Law enforcement and social media
With that background in mind, it is only logical to expect that law enforcement has a presence
on the internet. Police officers represent the law to the public. Our actions influence the public’s
opinion of the law, and ultimately, their subservience to the same law that we set out to enforce. The
following principles are central to sustainable social media use among police officers.
Responsibility
Reasonableness
Foresight
Pre-meditated Themes
Applying the Principles in law enforcement: Expectations
It is essential that the individuals in charge of a function such as this understand that the social
media feature of police work is only as valuable as it is brief. Police departments need the Internet
and social media to reach the most substantial numbers of people within the shortest time spans. For
instance, a traffic department may send alerts over Twitter to Facebook to let drivers know where the
traffic flows are lighter than when there are no alerts. It helps to balance traffic flows and reduce the
severity of jams in urban cities and their typically overloaded roads at rush hour. The nature of this
form of mass communication is formal.
Break down such text alerts to the fewest possible impersonal characters. Social media users
typically seek to express themselves differently. Need to be unique when disseminating news of such a
character is uncalled for at best. Therefore, Officers in charge of traffic updates ought not to be joking
about situations when disseminating new. It is thus unprofessional to say, “Get off the interstate at the
third exit if you wanna be home this year.” Instead, it is prudent to say, “Interstate 96 gridlocked after
the third exit. Accident. Use alternative routes.” The former instance shows a lackluster police response
to an urgent crisis. Very little info has been passed. Brevity, concision, and helpfulness should guide all
alerts from police departments.
The substance of every communication on social media must reflect the values of the institution
of the police. There are other officers that use the Internet to engage with the public. Mostly, it is
senior officers in the police that have Twitter and Facebook accounts. These officers use their Twitter
handles for public relations. It is essential that every officer has the consented or normative mandate to
use social media in the name of the entire police force to do so responsibly. The only variations on the
tonal propensities depend on the context of conveying information.

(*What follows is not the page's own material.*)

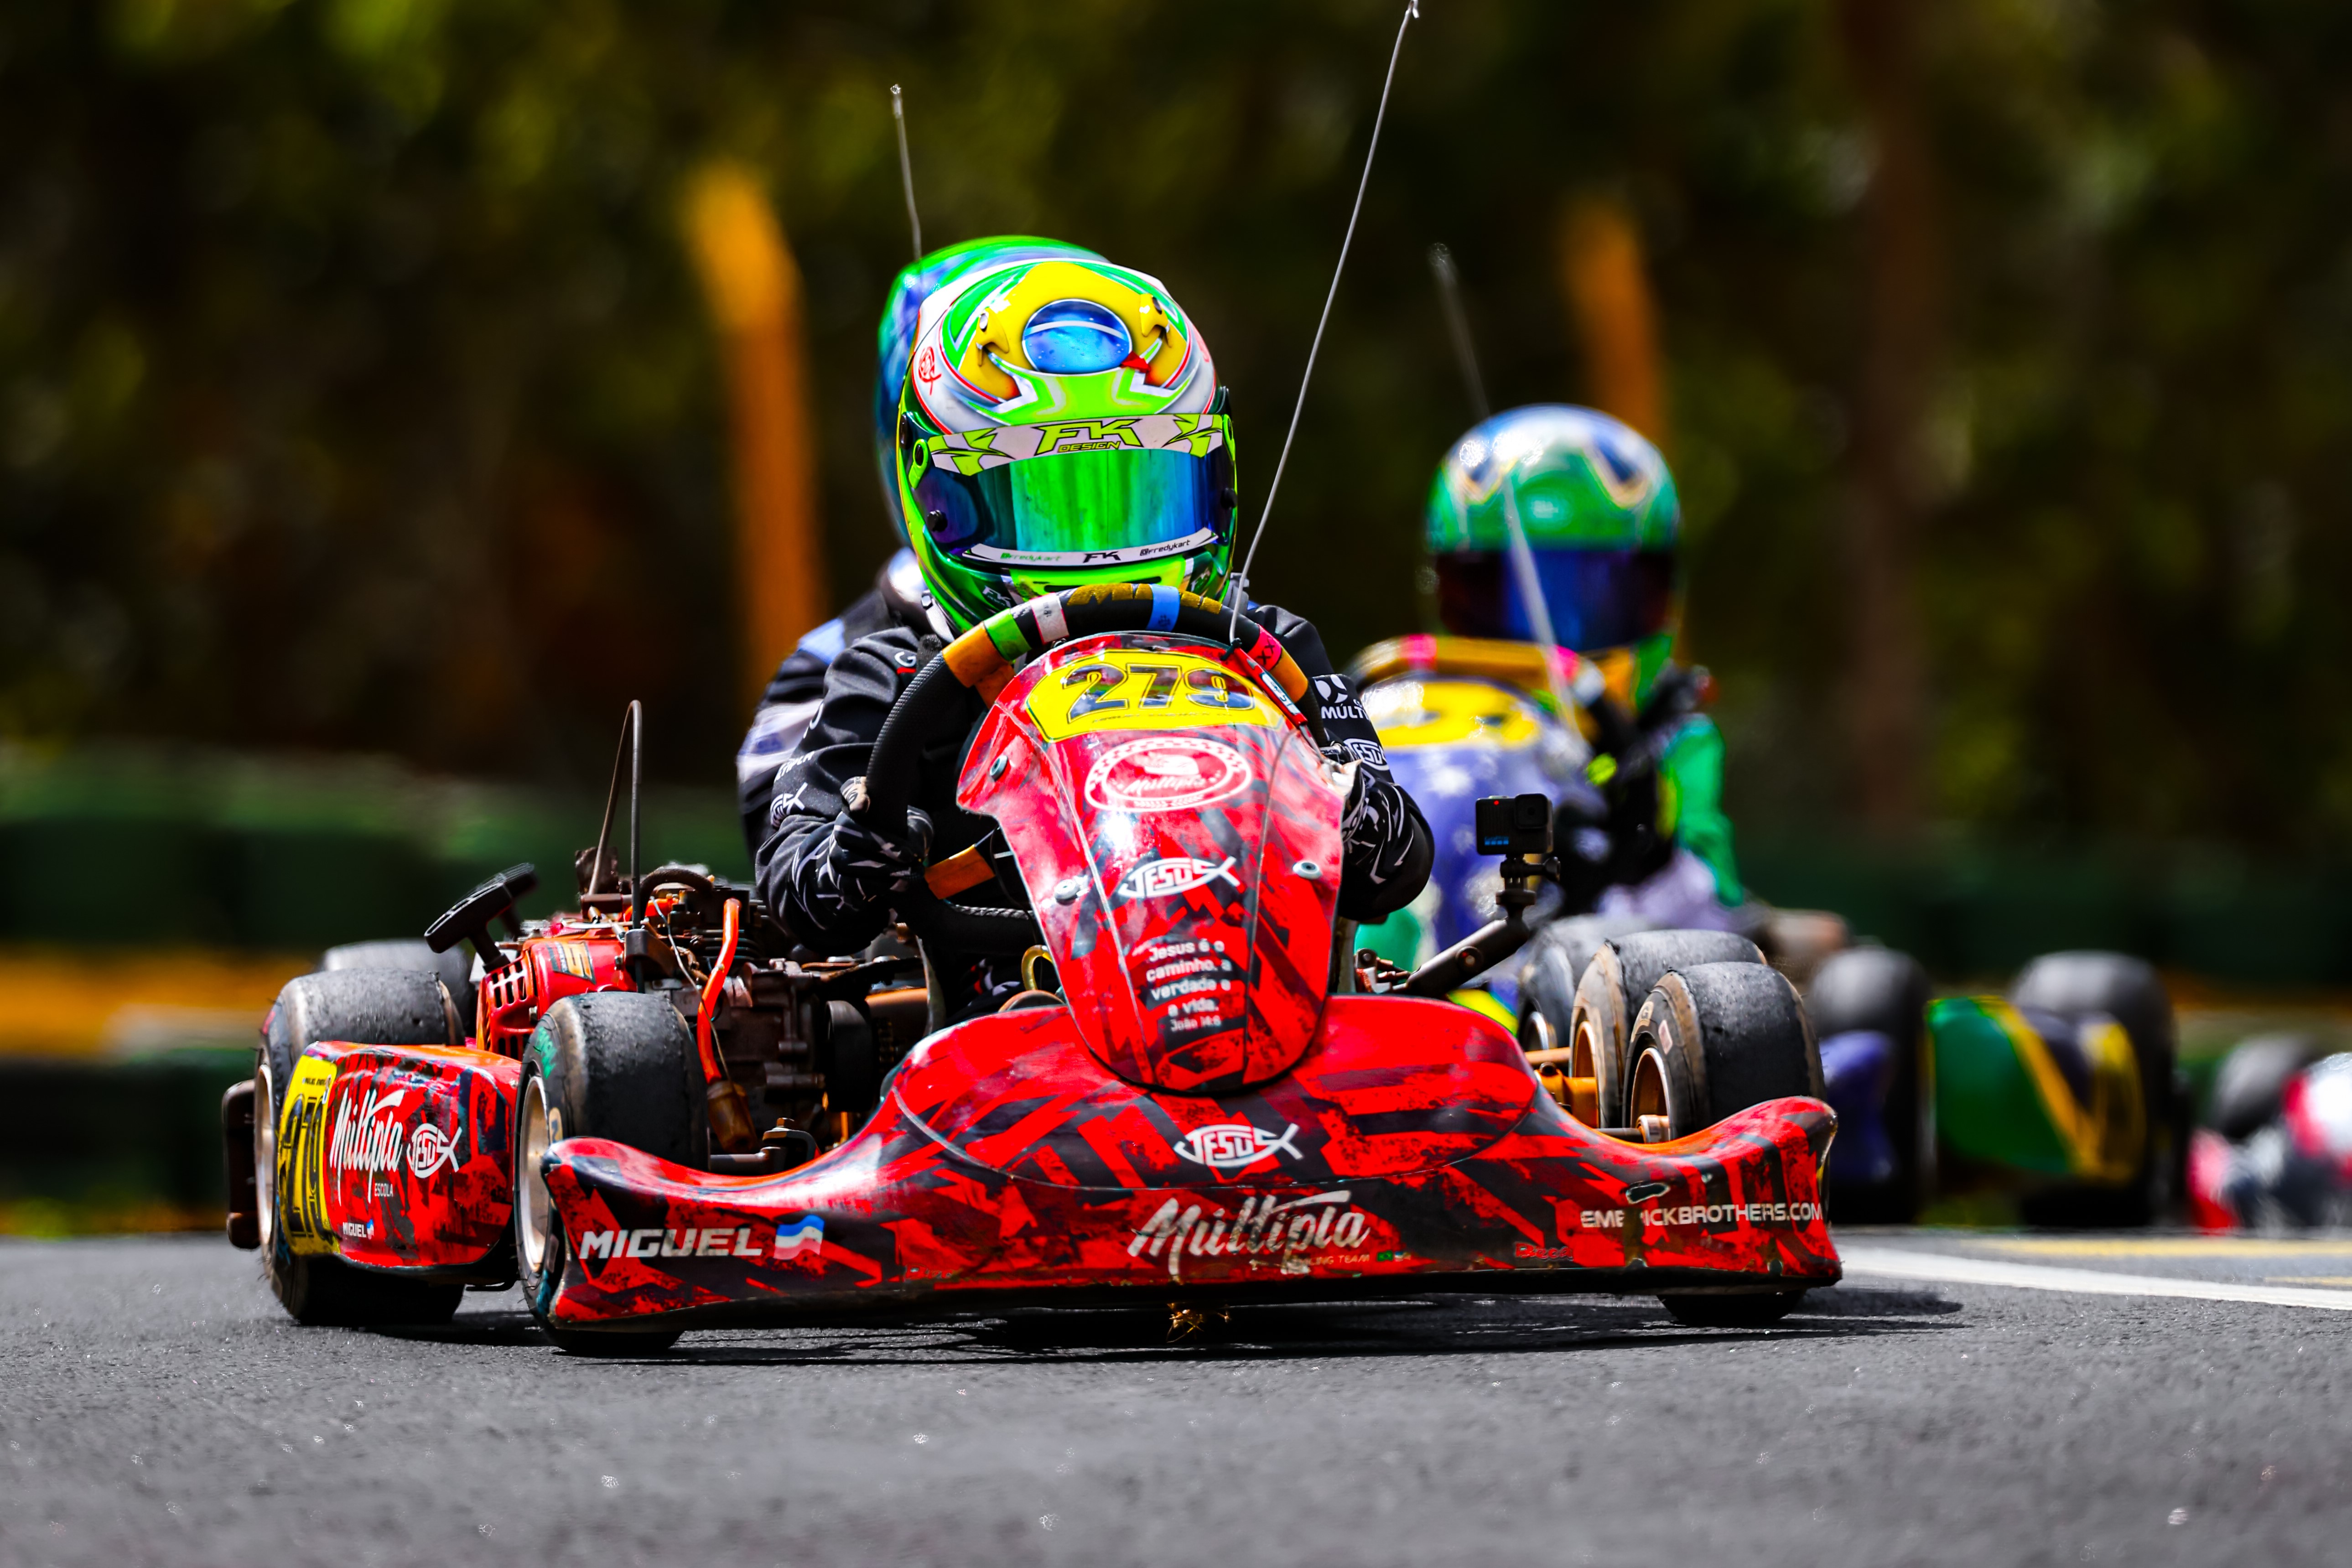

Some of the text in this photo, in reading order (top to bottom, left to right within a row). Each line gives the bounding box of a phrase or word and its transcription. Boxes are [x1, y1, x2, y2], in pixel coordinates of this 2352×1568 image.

Unless the officer is using social media to achieve some sanctioned mandate of the police
department, they should desist from using it while on duty. There are those officers in ranks that do
not afford them direct interaction with the public in an official capacity. The critical thing to note and
remember is that the policy directive does not tell everyone to be a faceless police officer that only
exists on social media. The must be a distinction between the conduct of an officer on social media and
the same person outside the confines of official police business. The private individual is entitled to all
the freedoms that are set out in the Constitutional Amendments. But then the expression of a police
officer is not individualistic. It is perceived as the collective apathy of the entire organization of the
police towards the citizens of the country.
Maintain protocol on all interactions carried out or recorded on social media. Community
outreach programs and policing initiative rely on the image that the police officers in that particular
jurisdiction portray. Police officers that use social media while still associating themselves with force
demean those efforts. For instance, it is detrimental to an outreach program if an officer films another
forcefully (and hopefully legally) subduing a citizen during an arrest. Such a clip would go viral, but
then it is very likely that it will antagonize the public and the officer in that jurisdiction. The instruction
in this principle is that every officer in this jurisdiction should keep in mind that their actions do not
just reflect on their personal dispositions, but on the entire profession as well. Police officers are the
personification of the law. There is a lot of historical antagonism; tensions, which the present advances
in ICT, make more obvious through social media. Inter-class disparities based on race and economic
positions are made worse by broadcasted ignominy by police officers. Therefore, maintaining protocol
(thematic protocol, not necessarily word for word compliance since social media exists to accentuate
the individuality of its users) is paramount to ensuring that we, the police, do not inflame an already
socially fractured society further.
Align the exposure to social media to the broader agenda whenever an enforcer goes onto or is
recorded on social media. There are instances where it is unavoidable to go on social media. For
example, a junior officer may go to a school to talk to children on a career day. It is okay to put such
information on social media daily. Even though the message may not strictly orient itself with the
objectives of the jurisdiction, it does not derogate from them. The principle holds true for all levels of
officers. The problem that instigated the drafting of this policy paper in the first place is misbehavior of
junior officers that do not feel an attachment to their calling as protectors of the social contract in the
same way that the senior officers do.
Concluding reflections
The crux of this policy paper is to encourage reasonable behavior in policemen and women that use
social media. There are three prongs to this position. Avoid using social media when on active duty.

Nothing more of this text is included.